Of course, chili peppers are a celebrated and delicious part of the Mexican-American menu. Prior studies (unrelated to pepper consumption) have also shown better health and longevity in Mexican-American men, despite having higher putative risk factors like drinking, smoking, and lower socioeconomic status, on average.
Chili pepper works as a spice or a supplement
Along with heart-healthy capsaicin, chili peppers also have plenty of B vitamins and carotenoids, and are very high in vitamin C.
And like other spices such as garlic, ginger, and turmeric, chilies have also been demonstrated to have anti-inflammatory, antimicrobial, and antioxidant effects.
If you don’t already eat these nutritional powerhouses, there are simple ways to get their benefits…either through your diet or by taking supplements.
First of all, if you’re scared off by their spiciness, remember that chili peppers are eaten with a meal — not as a meal. A little bit goes a long way.
One option is Indian curries, which can contain both turmeric and chili peppers. These dishes could be called the world’s first dietary supplement formulations. In fact, the use of spices all over the world for thousands of years basically demonstrates the principles of sound dietary supplementation today.
So even if you can’t or don’t eat dishes with hot spices, you can still get their active ingredients (and health benefits) in dietary supplements — with a good dose of science that backs up their use.
It is always best to follow a healthy overall diet and lifestyle, and not try to overcome bad habits by taking pills — whether drugs or dietary supplements. But this study shows that chili peppers can help lower your risk of premature death, even when your diet or lifestyle isn’t “ideal,” at least according to the nanny mainstream recommendations.
Challenging what “everyone knows” about chili peppers
When I was working with former U.S. Surgeon General C. Everett Koop on developing dietary supplements for joint pain 15 years ago, I strongly urged that he include capsaicin in his new joint-health formula.
Soon after that, and not long before the world changed forever on 9/11, I was out riding horses with my daughter. I like to eat curries and other dishes with chili peppers whenever possible, and I’ve also found horseback riding to be about as good as anything for my joints, not to mention the other benefits for mind and body.

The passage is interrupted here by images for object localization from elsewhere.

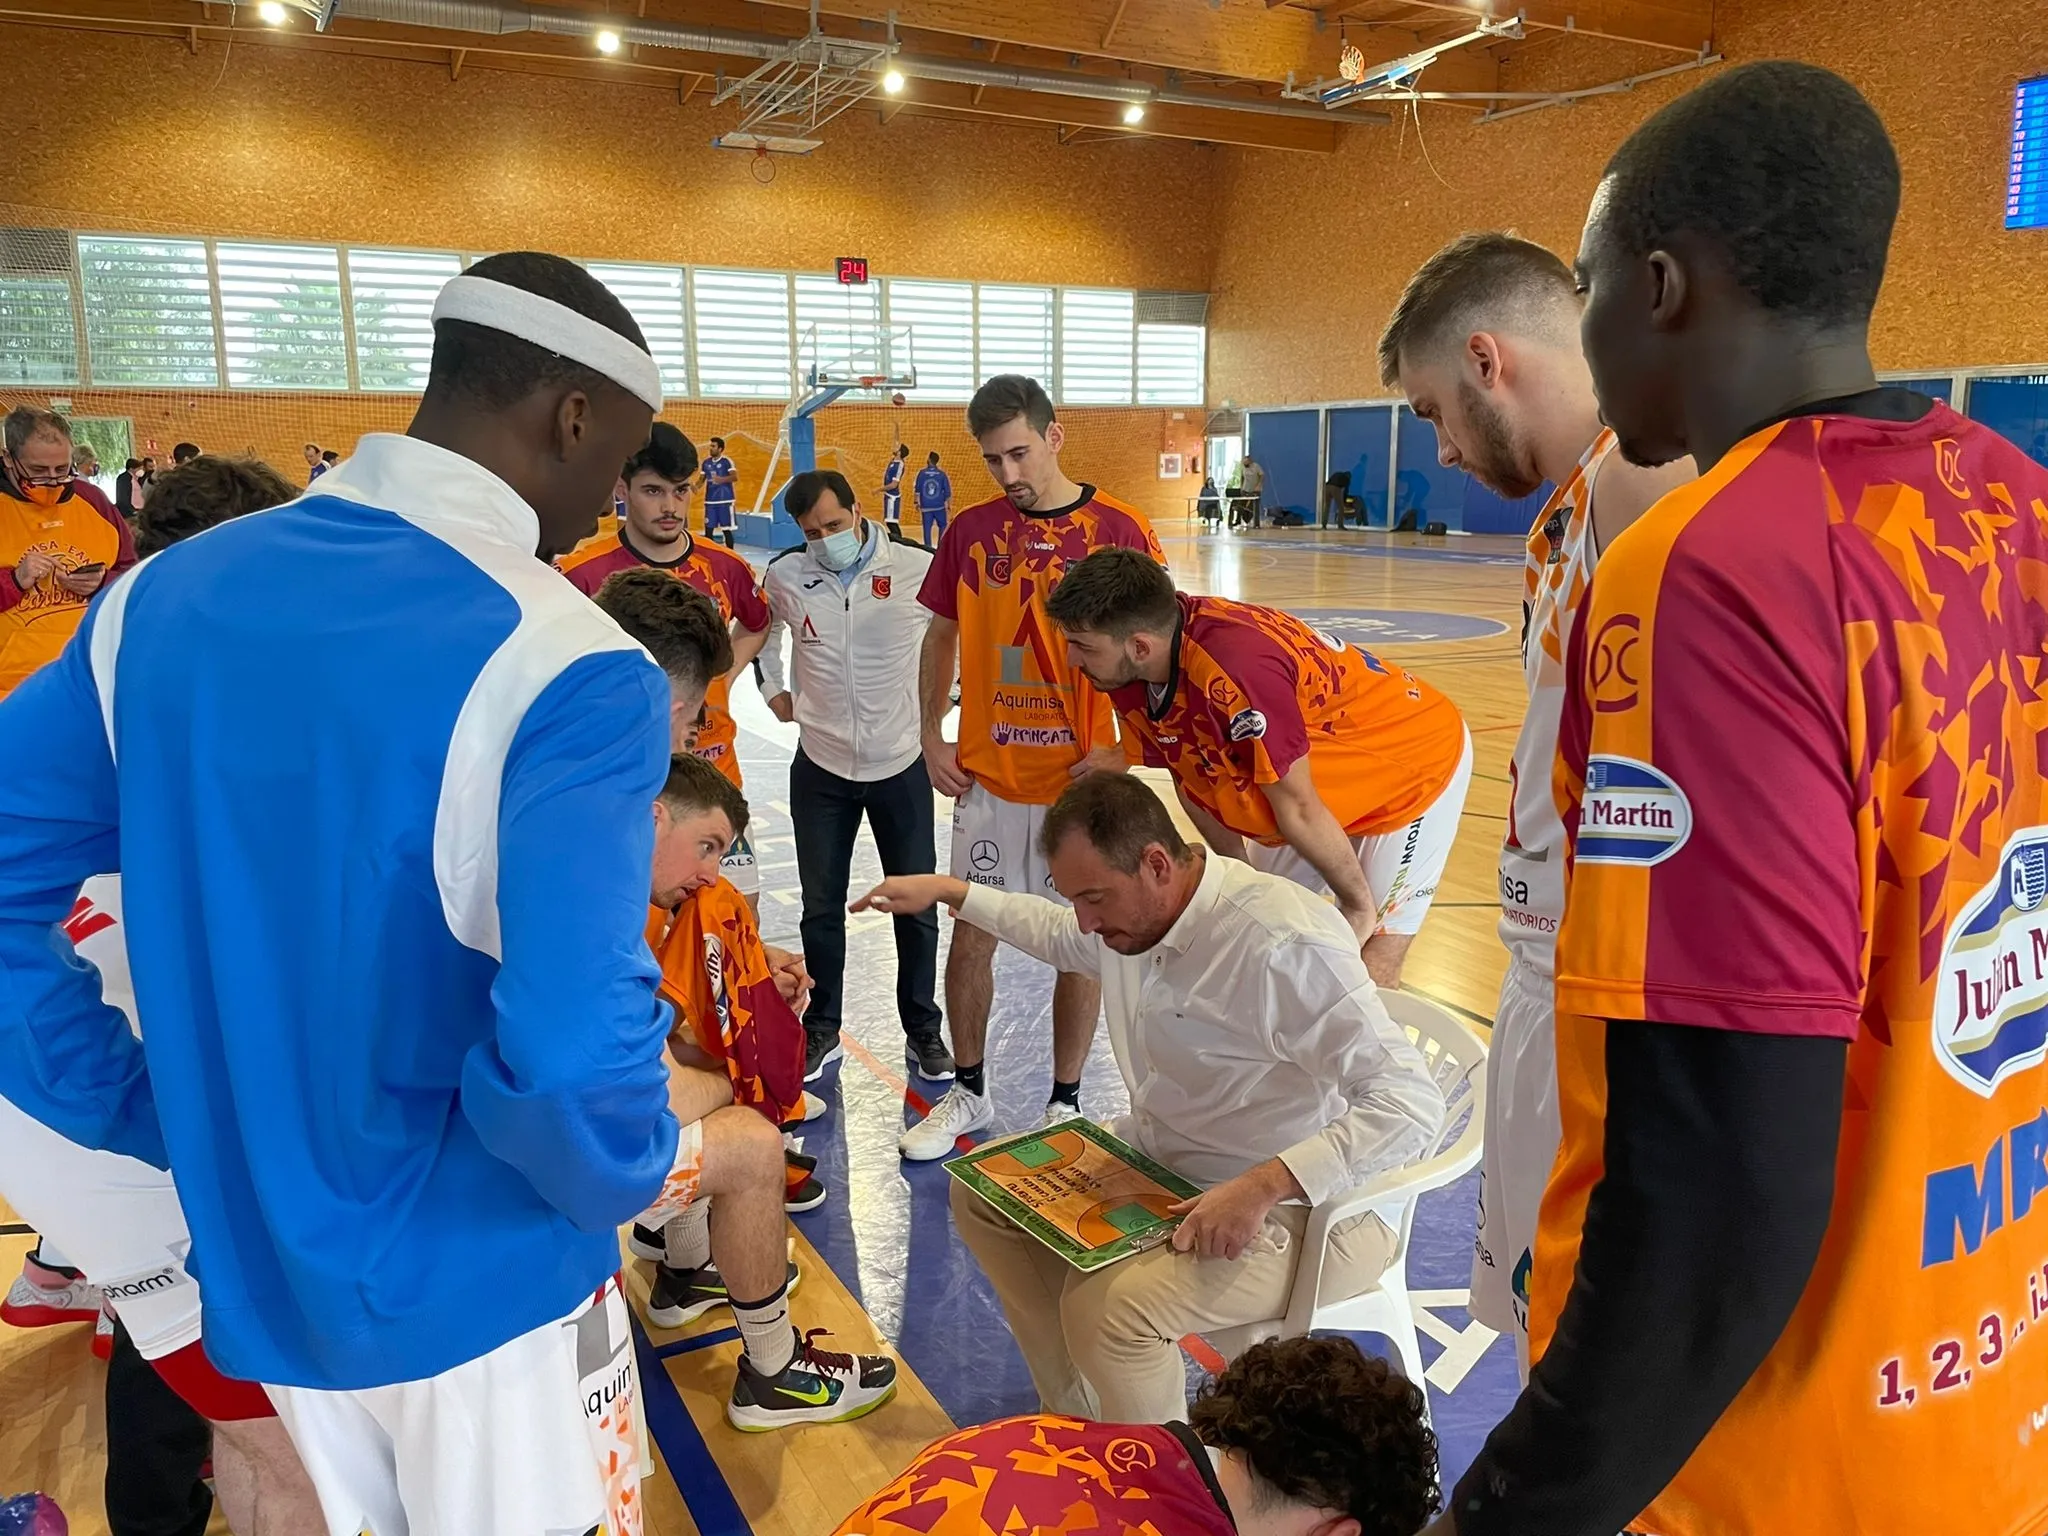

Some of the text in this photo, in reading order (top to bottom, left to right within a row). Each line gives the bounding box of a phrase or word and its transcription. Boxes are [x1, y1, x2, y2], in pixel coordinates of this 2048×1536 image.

[841, 261, 865, 282] 24
[1592, 799, 1674, 829] Martín
[725, 855, 754, 867] ALS
[965, 871, 1005, 886] Adarsa
[1512, 1298, 1528, 1333] AL

(President Ronald Reagan once said “there’s something about the outside of a horse that is good for the inside of a man.” More recent presidents have also brought to mind the analogy of the horse, but I will leave it to you to conclude which half of the horse!)
That day, I received an urgent phone call (on my state-of-the-art, flip-top phone — which I still use) from one of Dr. Koop’s technical staff. He was very concerned about my capsaicin recommendation.

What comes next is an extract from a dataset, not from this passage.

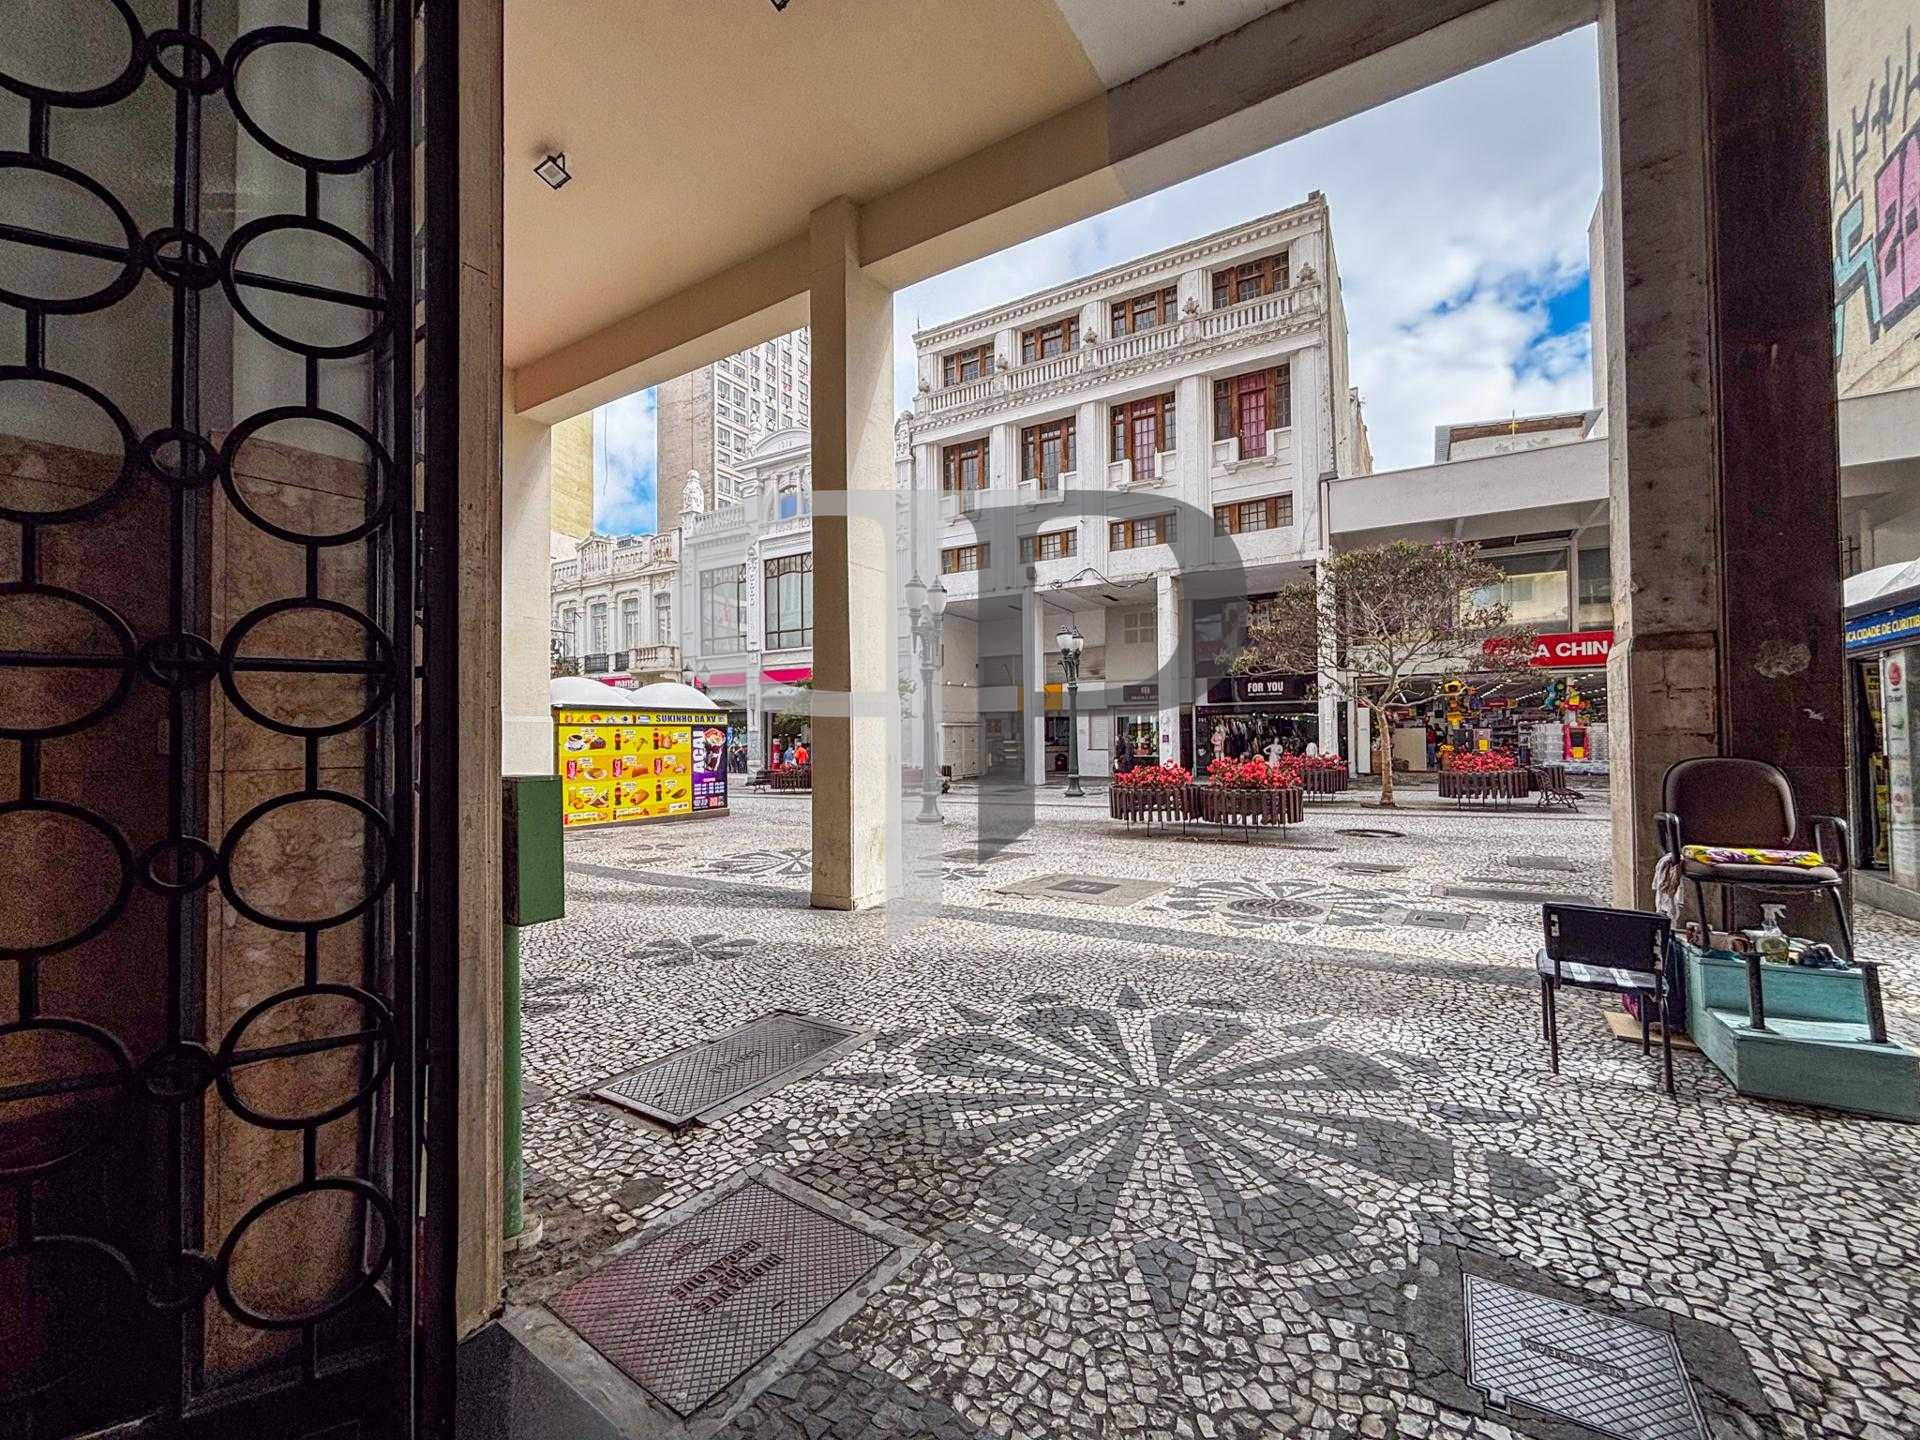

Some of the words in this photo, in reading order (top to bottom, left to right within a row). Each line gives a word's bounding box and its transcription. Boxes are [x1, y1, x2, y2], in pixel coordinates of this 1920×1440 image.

He insisted “everybody knows” that capsaicin is used “only” topically on the skin around joints — not taken internally. I responded that capsaicin is more effective orally, as a dietary supplement. That way, it’s delivered from the blood directly into the joints, after being absorbed from the GI tract.
He said we couldn’t do that because people don’t eat capsaicin. I proceeded to describe the prodigious amounts of capsaicin consumed by hundreds of millions of people around the world every day, in chili peppers.
Chilies are a key part of the diet in South America, South Asia, and East Asia — and virtually everywhere else the climate is hot — because they facilitate sweating and cooling of the body. And capsaicin’s antimicrobial effects help ensure food safety in hot environments.
So I suggested we could call the supplement ingredient hot red chili pepper, instead of capsaicin, because “everybody knows” people can eat red peppers.
Unfortunately, Dr. Koop’s start-up supplement company never got off the ground, and his products never saw the light of day, in the aftermath of 9/11. But I have been able to put just as much, and more, solid science into my Smart Science dietary supplements for you.
1“The Association of Hot Red Chili Pepper Consumption and Mortality: A Large Population-Based Cohort Study.” PLoS One. 2017 Jan 9;12(1):e0169876.